Project number: EP 657.03

District: Rocky Mountain Forest District

Objectives

  • To test the validity of patterns of geographic variation derived from the study of physiological and morphological variations among seedlings in two nurseries
  • To study the phenotypic stability of lodgepole pine provenances at two latitudes
  • To determine the effects of nursery source upon the survival and growth of 30 contorta provenances at two latitudes

Treatment

Thirty provenances of lodgepole pine, ranging from Haida Gwaii to Yellowstone National Park are being tested. They were grown at two nurseries (Red Rock and Cowichan Lake Experiment Station).

Layout

  • There are two blocks
  • Each block contains two plots, with each plot containing stock grown in one nursery
  • Within each plot are 30 lines, with provenances randomly assigned to the lines
  • Provenances are identified by labels at the start of each line

History

  • 1971 plantation establishment and first assessments
  • 1972-1979 annual assessments
  • 1980-1990 assessments on five-year schedule
  • 1998 plantation maintenance and district communication

Publications

Ying, C.C., C.F. Thompson and L. Herring 1989. Geographic variation, nursery effects and early selection in lodgepole pine. Can. J. For. Res. 19: 823-841.

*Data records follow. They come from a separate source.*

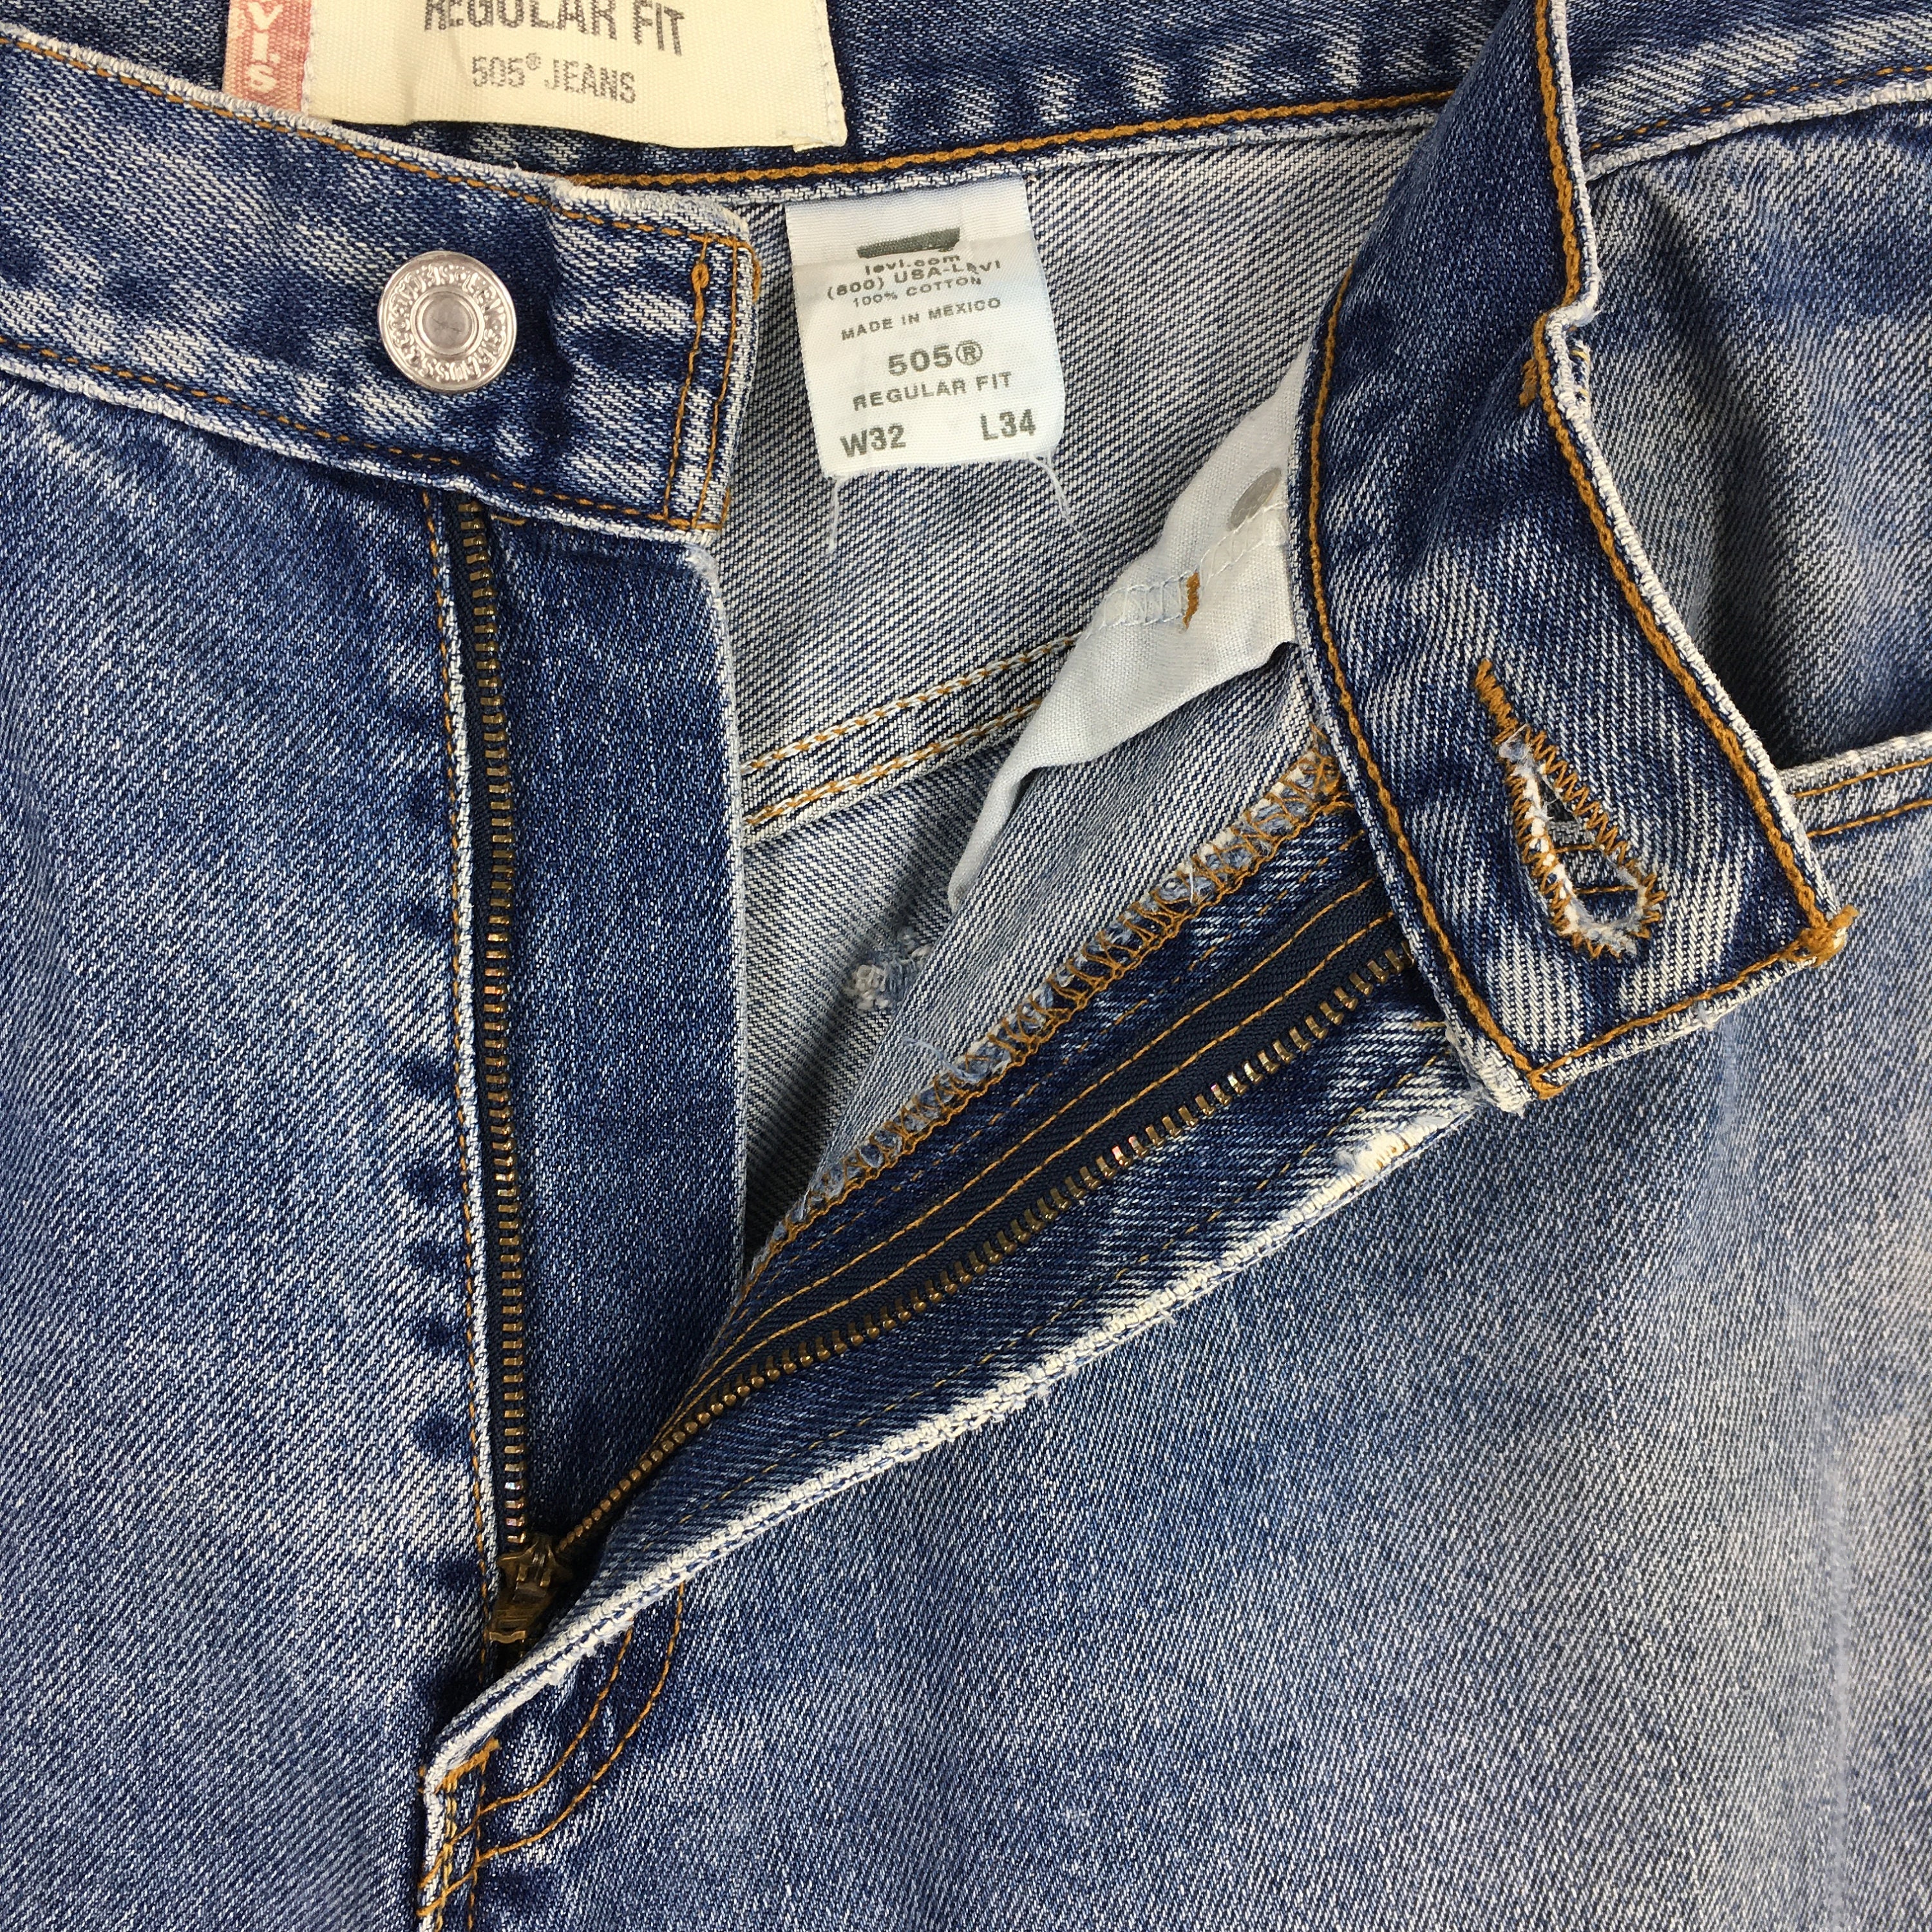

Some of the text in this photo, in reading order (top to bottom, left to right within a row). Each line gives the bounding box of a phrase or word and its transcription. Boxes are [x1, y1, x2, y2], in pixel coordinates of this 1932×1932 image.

[633, 0, 685, 57] FIT
[544, 59, 636, 104] JEANS
[827, 276, 885, 300] (800)
[853, 276, 982, 308] 100% COTTON
[840, 297, 1001, 340] MADE IN MEXICO
[887, 339, 983, 377] 505®
[852, 371, 1012, 412] REGULAR FIT
[839, 422, 907, 458] W32
[980, 408, 1037, 441] L34
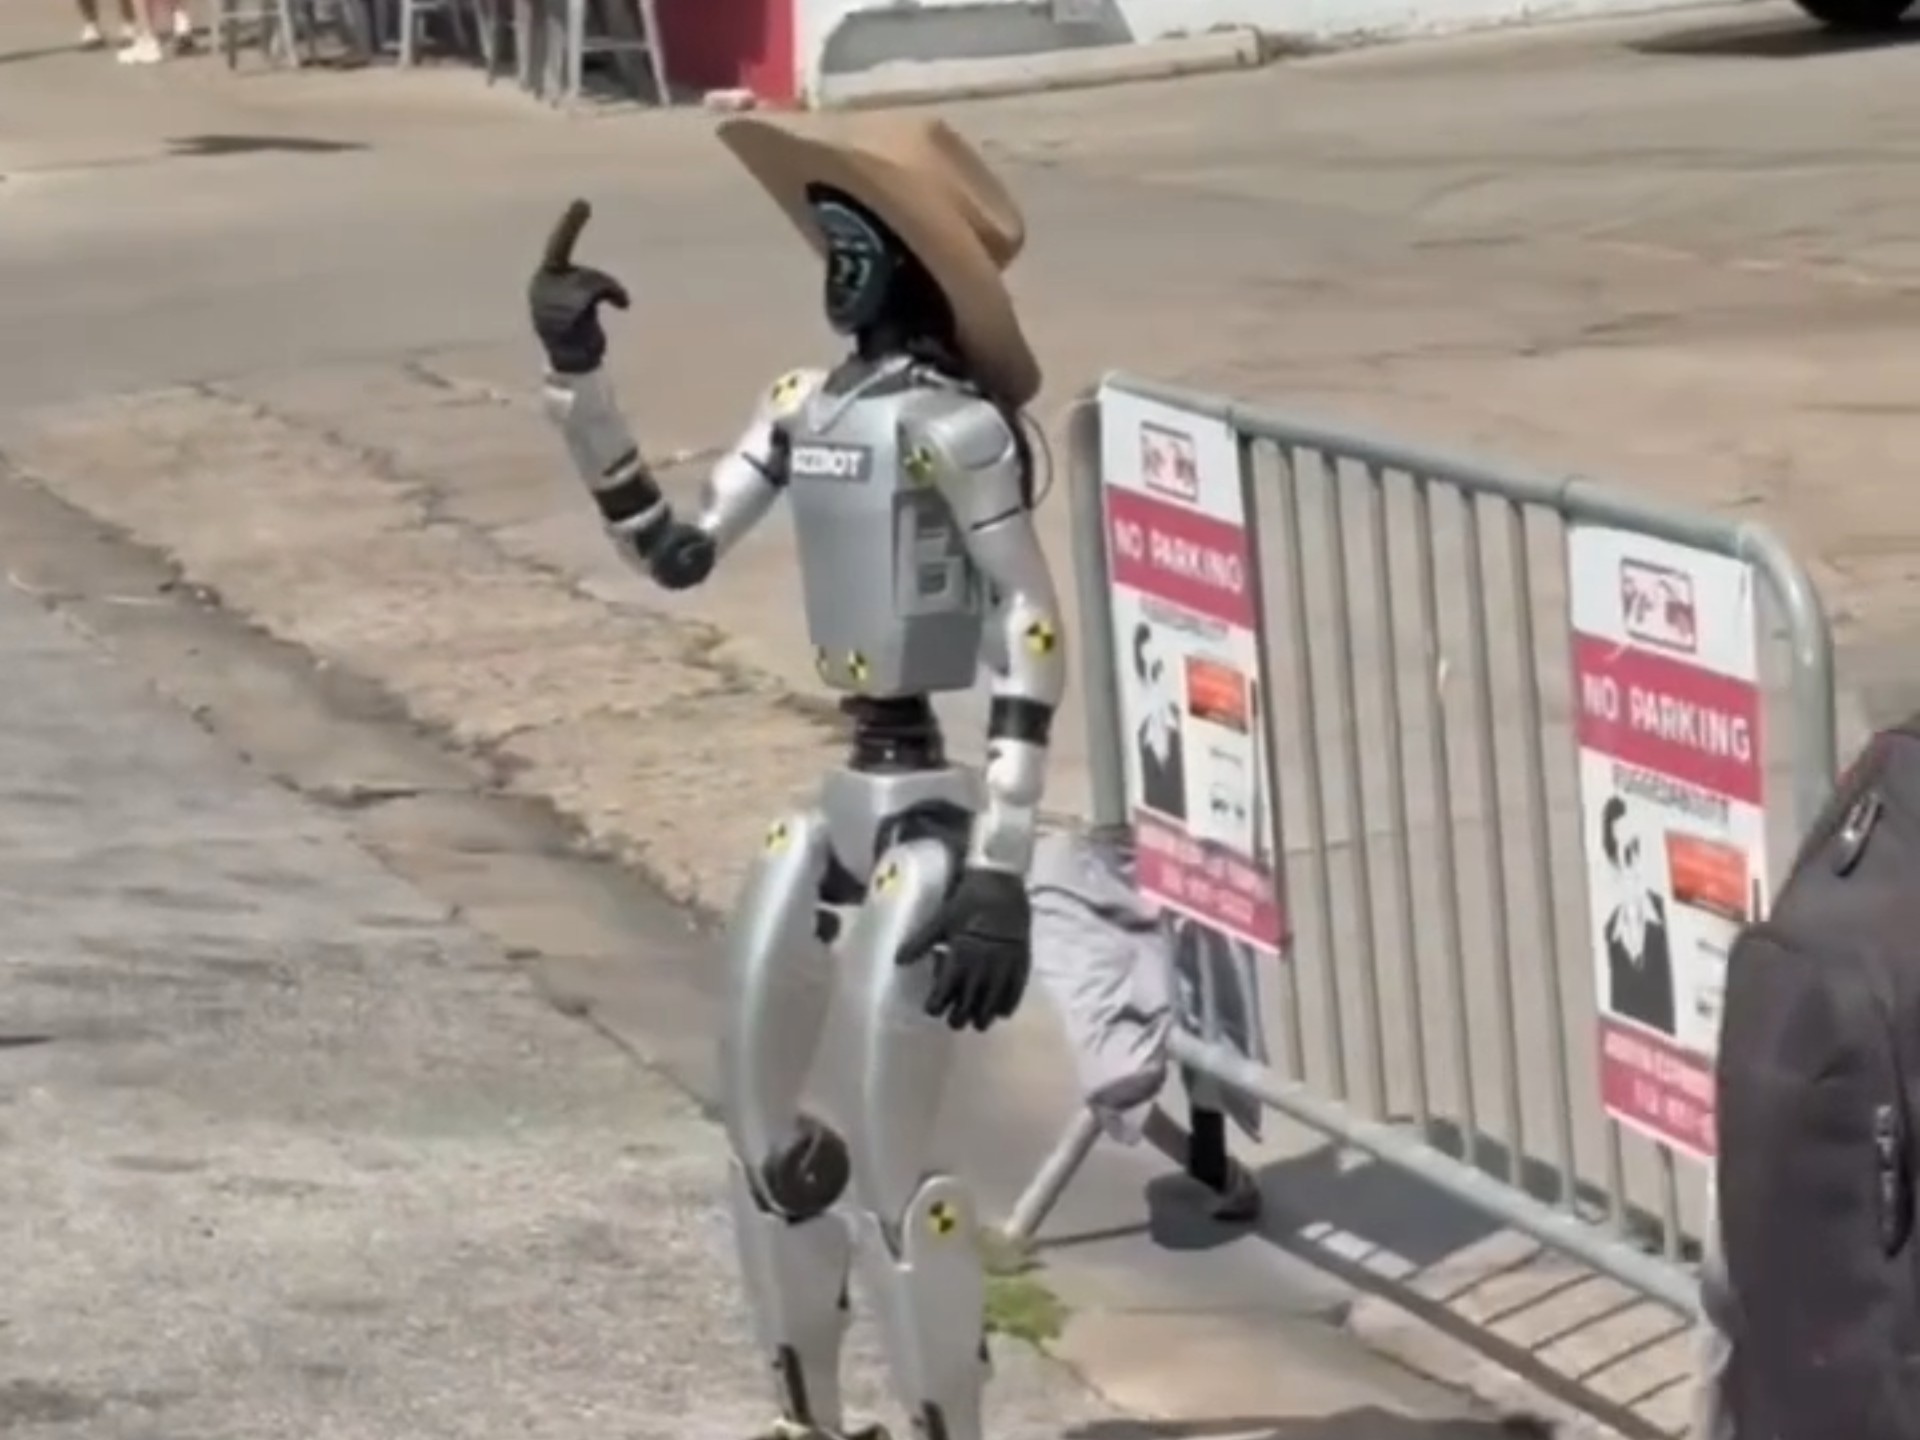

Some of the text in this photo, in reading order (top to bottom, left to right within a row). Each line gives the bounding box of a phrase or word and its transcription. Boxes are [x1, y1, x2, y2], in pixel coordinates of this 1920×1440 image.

Rehfeldt G.E., C.C. Ying, D.L. Spittlehouse, and D.A. Hamilton. 1999. Genetic responses to climate in Pinus contorta: niche breadth, climate change, and reforestation. Ecol. Monogr. 69: 375-407

Rehfeldt, G.E. 2000. Genes Climate and Wood. Leslie L. Schaffer Lectureship in Forest Science, U.B.C. Vancouver, B.C. February 2, 2000.

Comments

In addition to early growth assessments, other factors assessed between 1972 and 1980 included the differential damage cause by over-winter cold temperatures to the different provenances, and a relatively high incidence of pine "toppling" that occurred in this plantation.